A practical workflow for owners

If you need a simple, repeatable way to use latency in decisions:

1. Start with business pages. Product detail pages, collections, and checkout steps.
2. Identify critical hostnames. Your HTML, your asset CDN, fonts, analytics, payments.
3. Use a waterfall to find repeated handshakes. Look for DNS/connect/TLS showing up over and over for different domains.
4. Reduce cross-origin dependencies above the fold. Make LCP depend on your fastest path.
5. Validate with field data segmentation. Confirm improvements in your primary markets and on mobile.

If you're using PageVitals for diagnosis, the most direct views are the Network request waterfall and RTT tracking via Round Trip Time.

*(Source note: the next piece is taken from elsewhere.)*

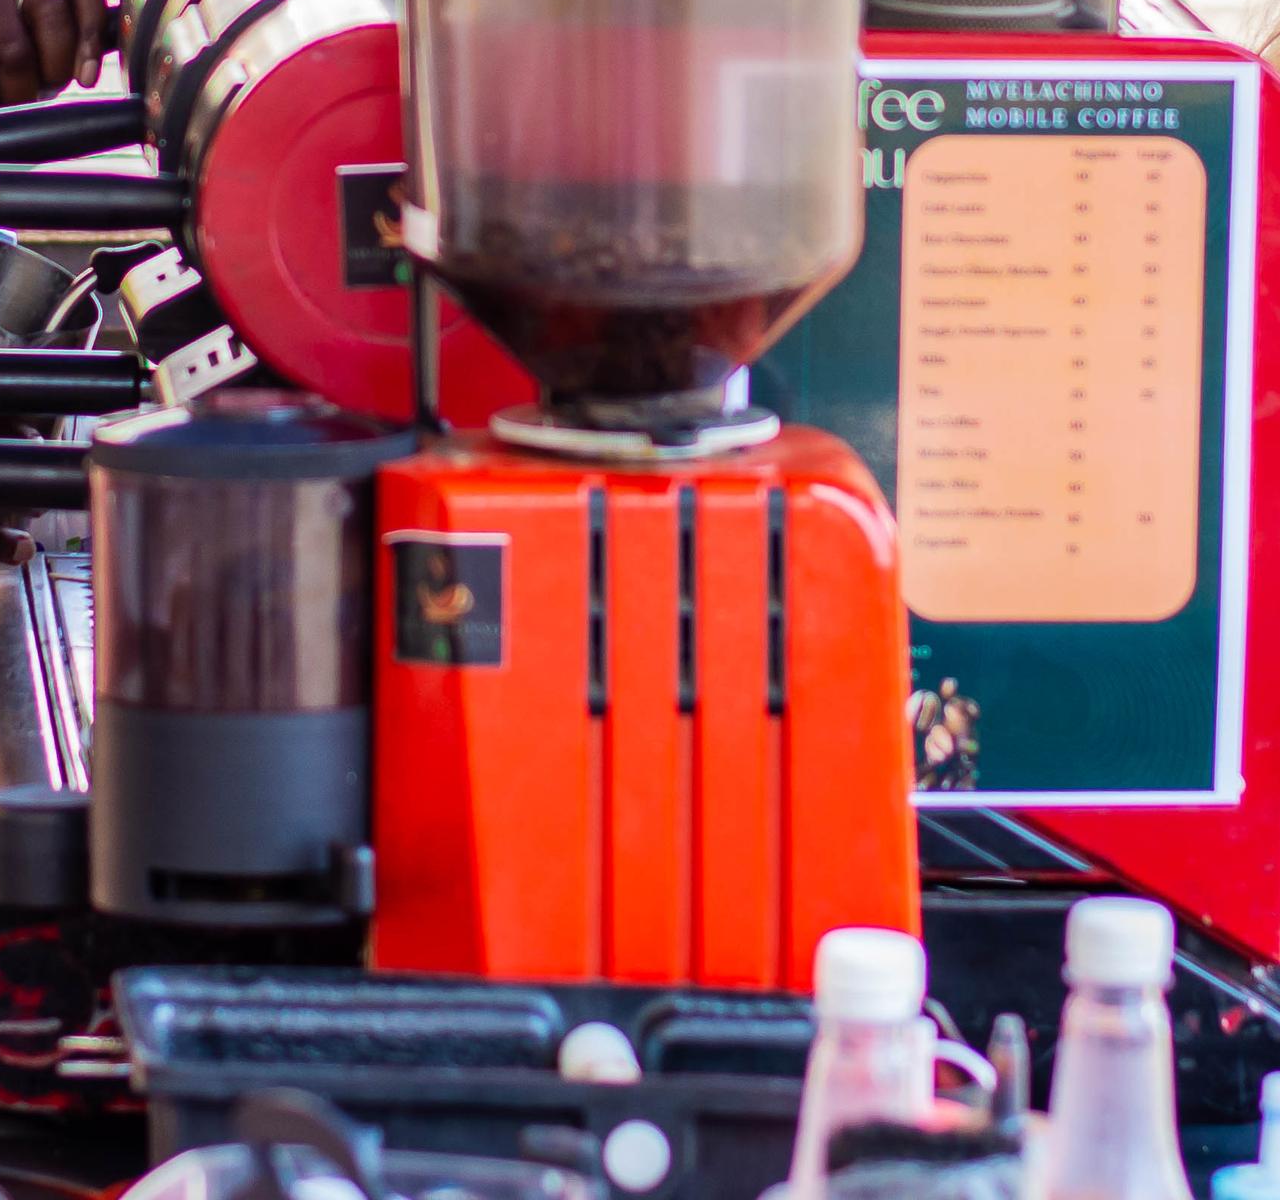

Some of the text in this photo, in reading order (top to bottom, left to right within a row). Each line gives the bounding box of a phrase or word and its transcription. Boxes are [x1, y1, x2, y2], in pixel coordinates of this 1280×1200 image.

[966, 80, 1163, 102] MVELACHINNO
[966, 107, 1180, 129] MOBILE COFFEE

For broader interpretation of user populations, refer to CrUX data.

Key takeaways

• Network latency is the round-trip delay between users and servers; it compounds across many requests and many hostnames.
• It most visibly hurts LCP and any interaction that waits on the network.
• The biggest wins usually come from fewer round trips: fewer domains, fewer redirects, more connection reuse, and more edge caching.
• Treat latency changes as a segmentation problem before a tooling or hosting problem.